Large-scale Model Training: Leveraging the identified optimal mixture, a large-scale LLM is trained, significantly larger than the proxy models used for the initial stages.

Empirical Validation

To empirically validate RegMix, the authors conducted extensive experiments, involving models with 1M, 60M, and 1B parameters. The experiments include training 512 models with 1M parameters for 1B tokens, and subsequently predicting the top-performing mixtures for large-scale models with 1B parameters trained on 25B tokens.

Key Findings:

Data Mixture Impact: The data mixture can significantly impact performance, with variations in single-task performance of up to 14.6%.
Web Corpora Effectiveness: Contrary to conventional expectations, web corpus data (e.g., CommonCrawl) exhibited a stronger positive correlation with downstream performance than traditionally high-quality data like Wikipedia.
Complex Domain Interactions: The paper revealed intricate and non-intuitive interactions between different data domains, highlighting the necessity of automated approaches like RegMix for data selection.
Transcendence of Scaling Laws: Data mixture effects were shown to transcend scaling laws, with the regression approach effectively capturing complex interactions among multiple domains.

Performance Comparison

RegMix's performance was benchmarked against human selection and DoReMi, a prominent data mixture selection method. Remarkably, RegMix not only matched but in some cases surpassed the performance of DoReMi while utilizing only 10% of the compute budget required by DoReMi.

Results:

Superior Average Performance: On average, models trained with RegMix outperformed those trained using human-selected mixtures and DoReMi mixtures.
Robustness Across Tasks: RegMix demonstrated robust performance across a wide range of benchmarks, beating human selection in 8 out of 14 tasks.

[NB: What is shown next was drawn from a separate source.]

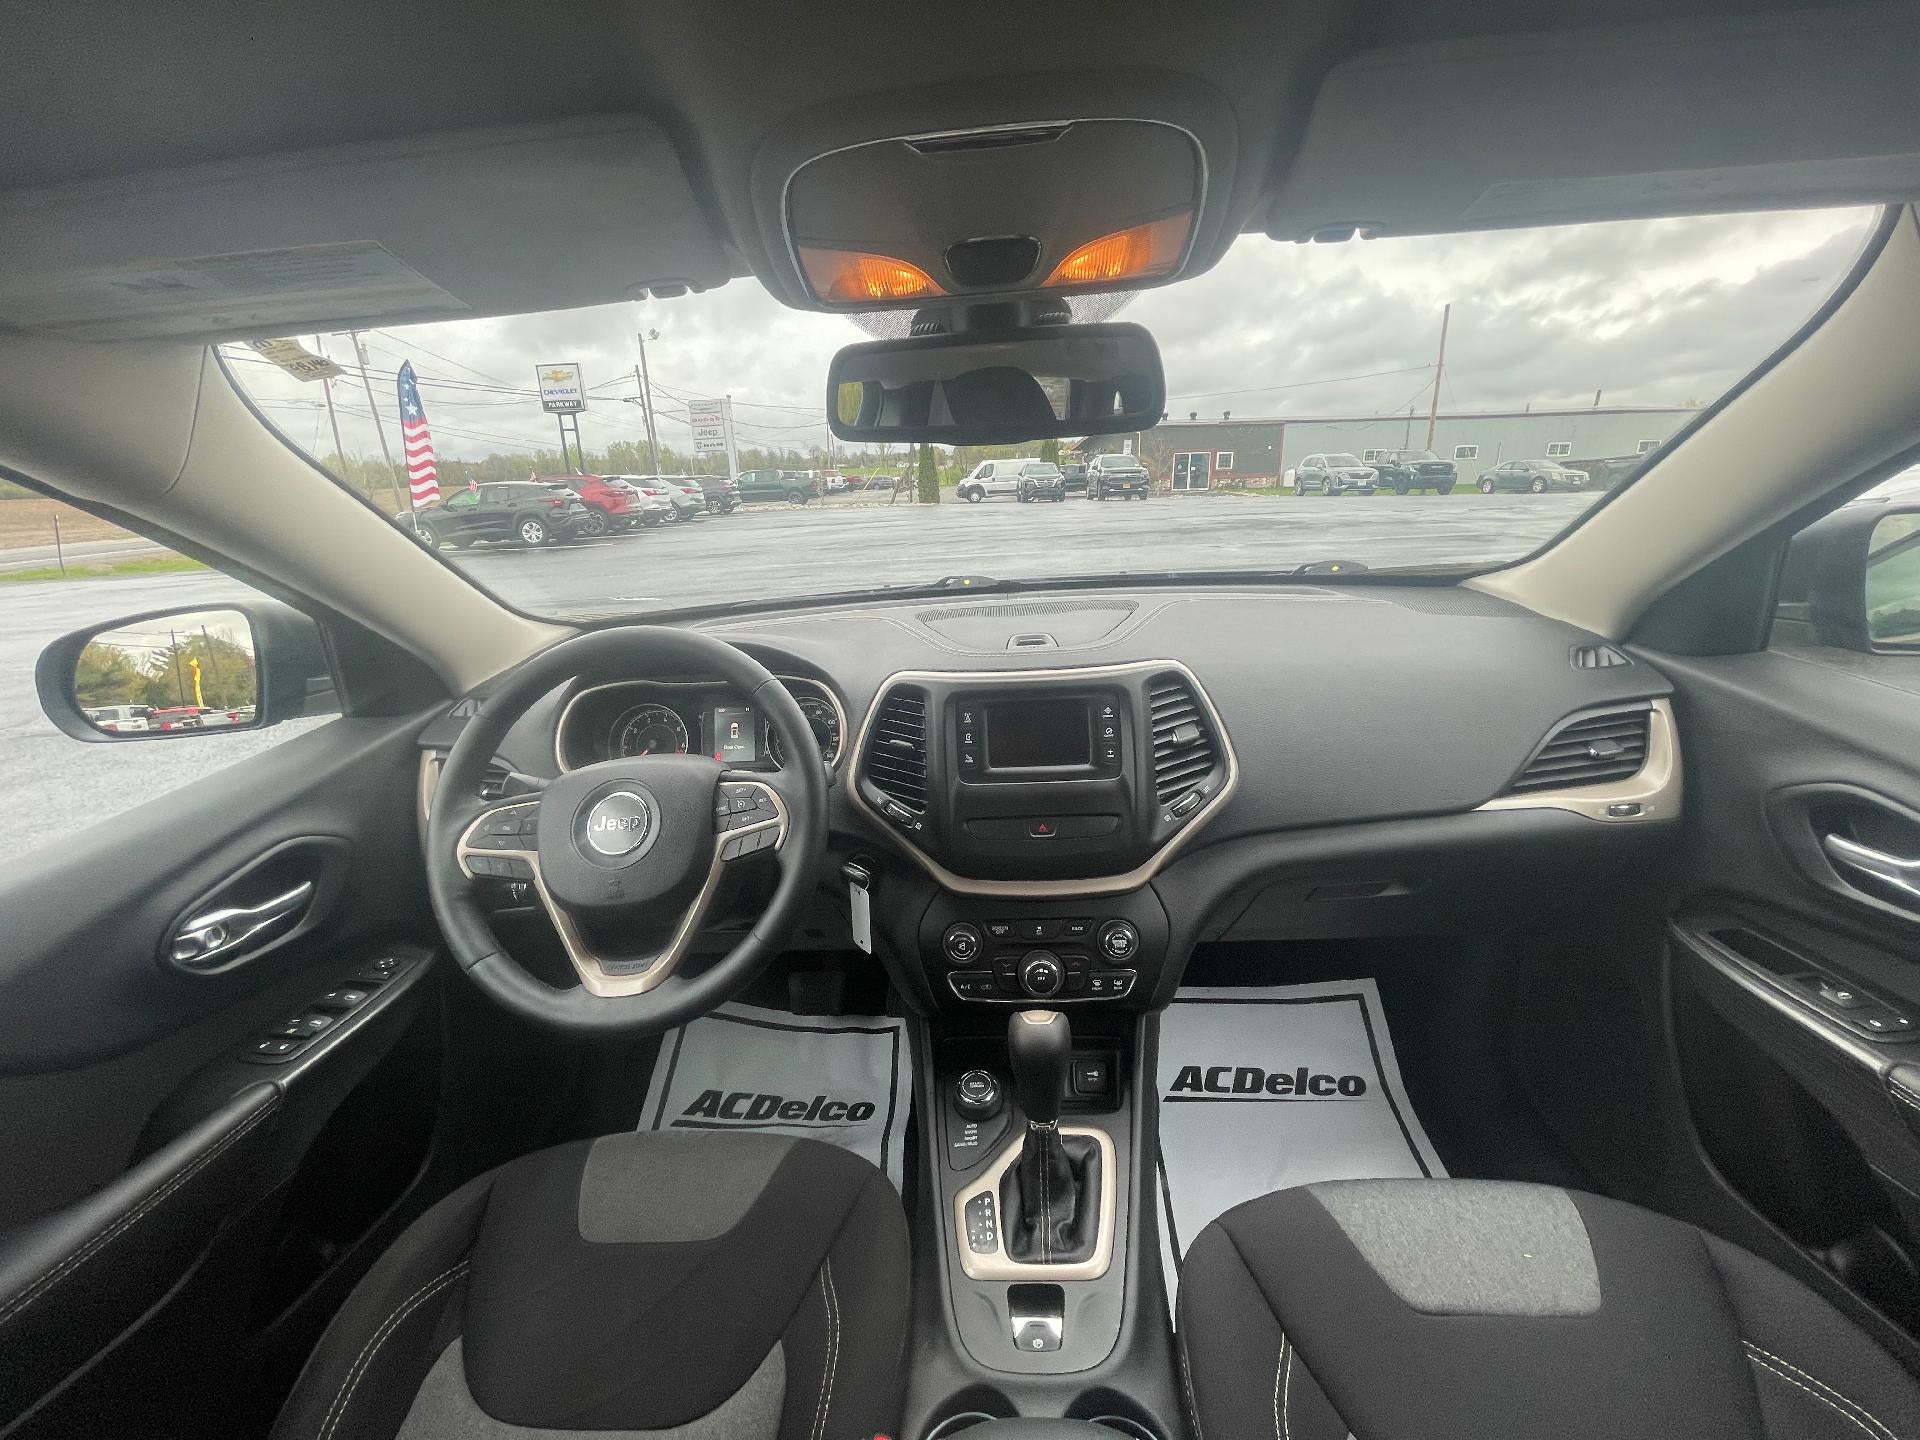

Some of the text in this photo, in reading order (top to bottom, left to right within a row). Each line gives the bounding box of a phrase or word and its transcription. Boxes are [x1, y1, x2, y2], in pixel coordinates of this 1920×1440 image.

Implications and Future Directions

Efficiency in LLM Training: By reducing the compute cost associated with identifying optimal data mixtures, RegMix represents a more efficient approach. This has practical implications for the scalability of LLM training with constrained computational resources.
Policy for Data Selection: The findings suggest re-evaluating the perceived quality of data sources, given that web corpora have proven to correlate more strongly with downstream performance.
Beyond Manual Curation: The complexity of domain interactions exposed by this research indicates that manual curation of data mixtures may often result in suboptimal performance. Automated methods like RegMix are indispensable for deriving high-performance LLMs.
Future Work: Given the promising results, future research may explore extending RegMix to larger models, diverse datasets, and potentially integrating it with other optimization strategies for even more efficient and robust data selection.

Conclusion

RegMix constitutes a significant advancement in the automated selection of data mixtures for LLM training, balancing scalability, efficiency, and performance. By treating data mixture selection as a regression task, RegMix opens directions for further optimizing LLM pre-training and achieving superior downstream performance with reduced computational costs.

The code and methodology presented in this paper offer a pathway for researchers to build upon these findings, potentially advancing the state-of-the-art in LLM pre-training strategies.